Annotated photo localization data
|---|

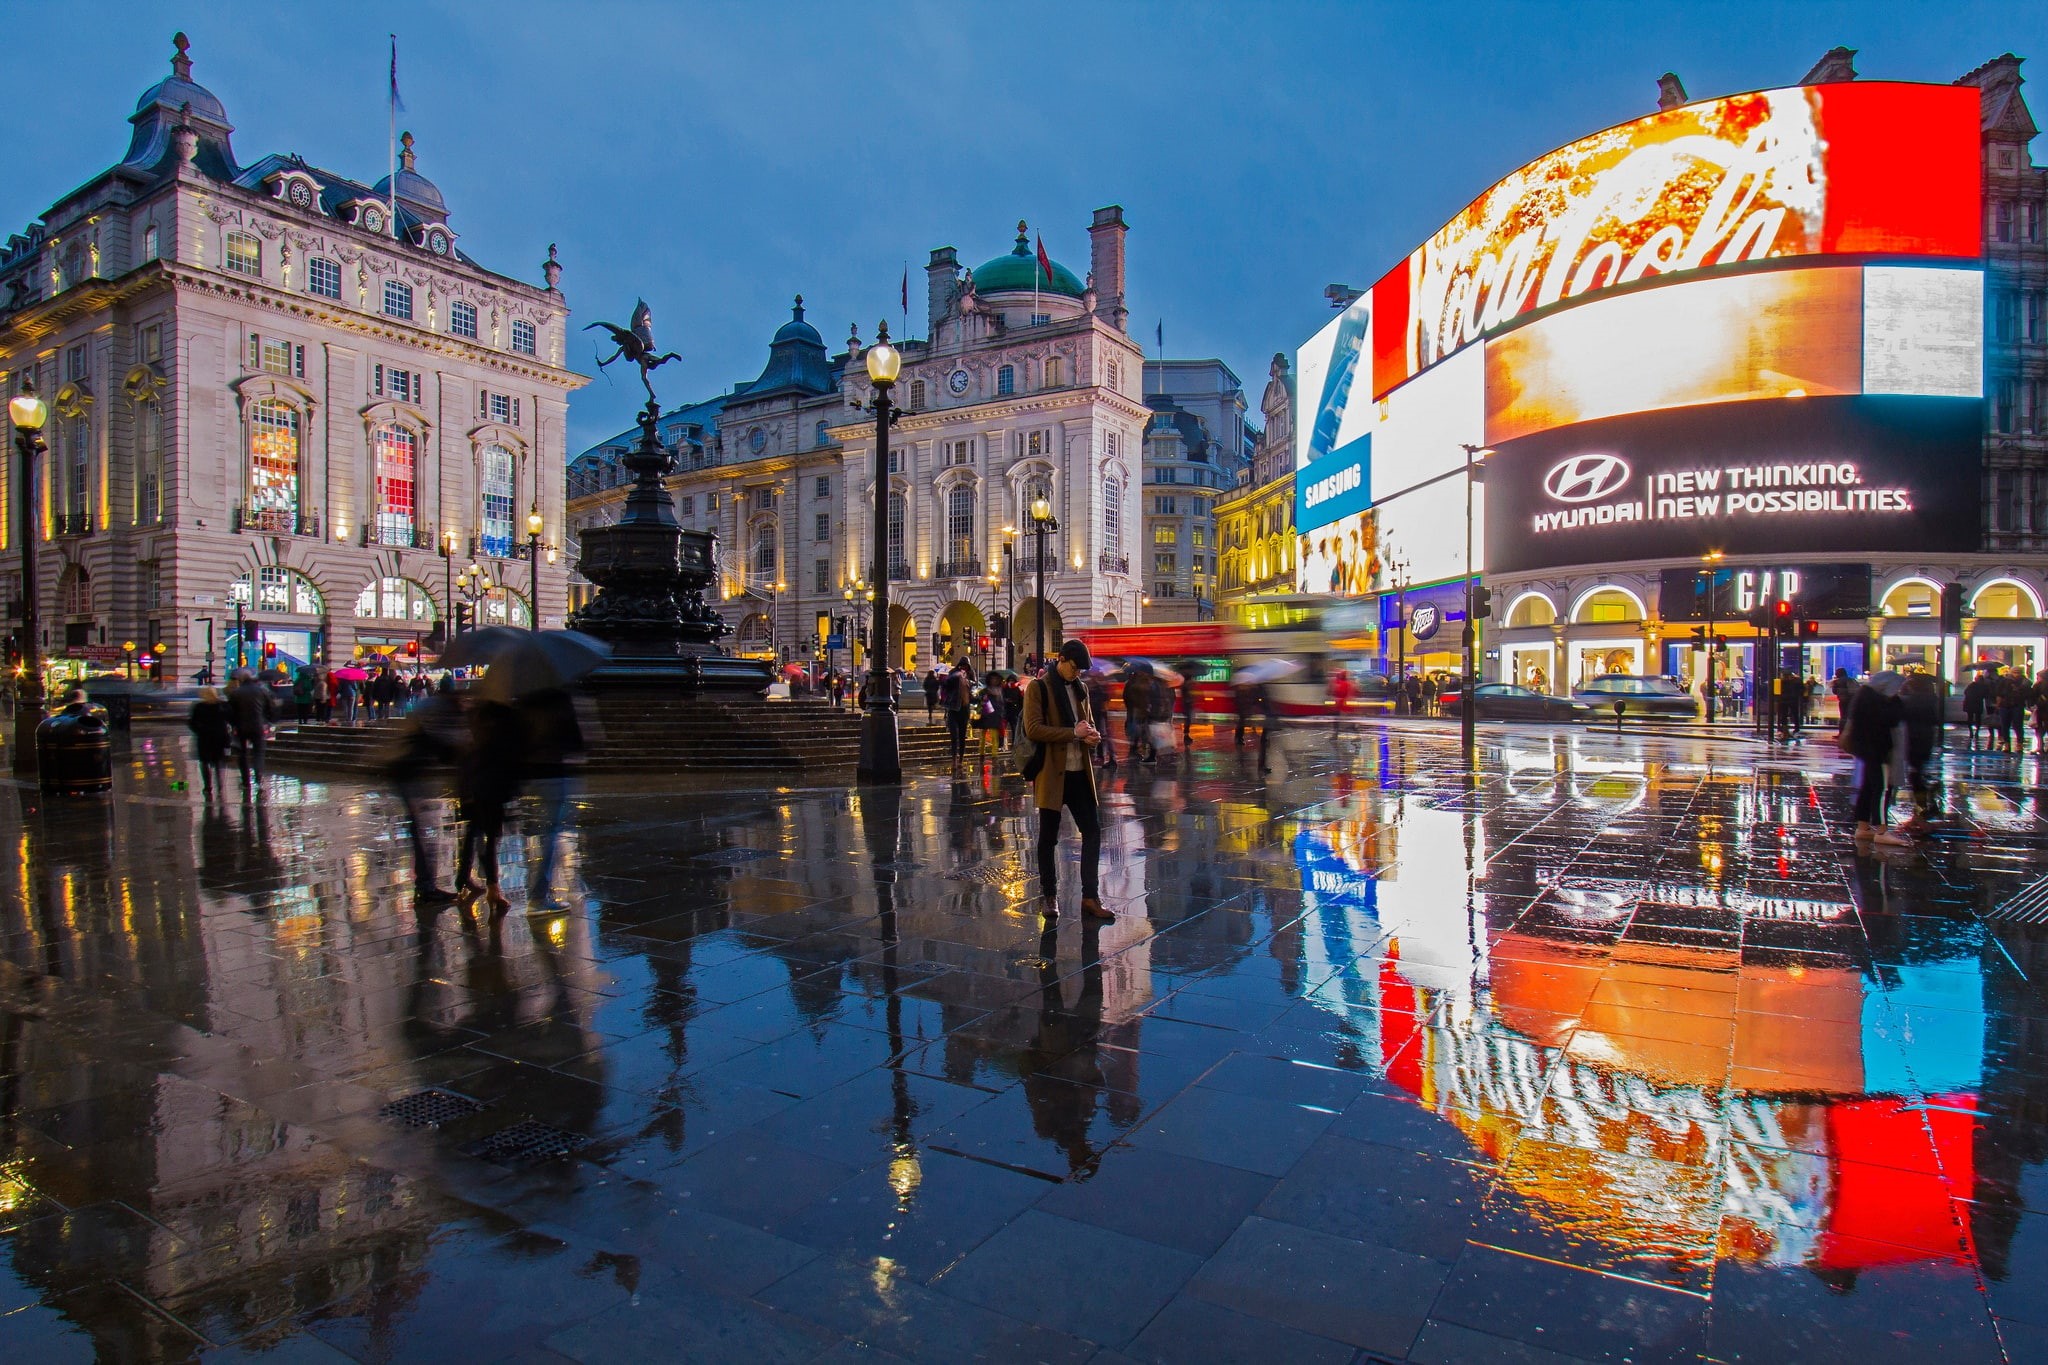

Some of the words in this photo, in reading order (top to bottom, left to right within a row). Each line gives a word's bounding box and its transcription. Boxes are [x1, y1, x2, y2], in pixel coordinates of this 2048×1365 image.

[1305, 463, 1361, 509] SAMSUNG
[1658, 469, 1721, 494] NEW
[1726, 463, 1861, 489] THINKING.
[1534, 501, 1643, 533] HYUNDAI
[1658, 495, 1721, 519] NEW
[1726, 489, 1912, 515] POSSIBILITIES.
[1738, 571, 1799, 611] GAP

|---|

» Problem details
What is needed is an exact copy of the data, without any pictures.

» Result for this exercise
Some of the words in this photo, in reading order (top to bottom, left to right within a row). Each line gives a word's bounding box and its transcription. Boxes are [x1, y1, x2, y2], in pixel coordinates of this 2048×1365 image.

[1305, 463, 1361, 509] SAMSUNG
[1658, 469, 1721, 494] NEW
[1726, 463, 1861, 489] THINKING.
[1534, 501, 1643, 533] HYUNDAI
[1658, 495, 1721, 519] NEW
[1726, 489, 1912, 515] POSSIBILITIES.
[1738, 571, 1799, 611] GAP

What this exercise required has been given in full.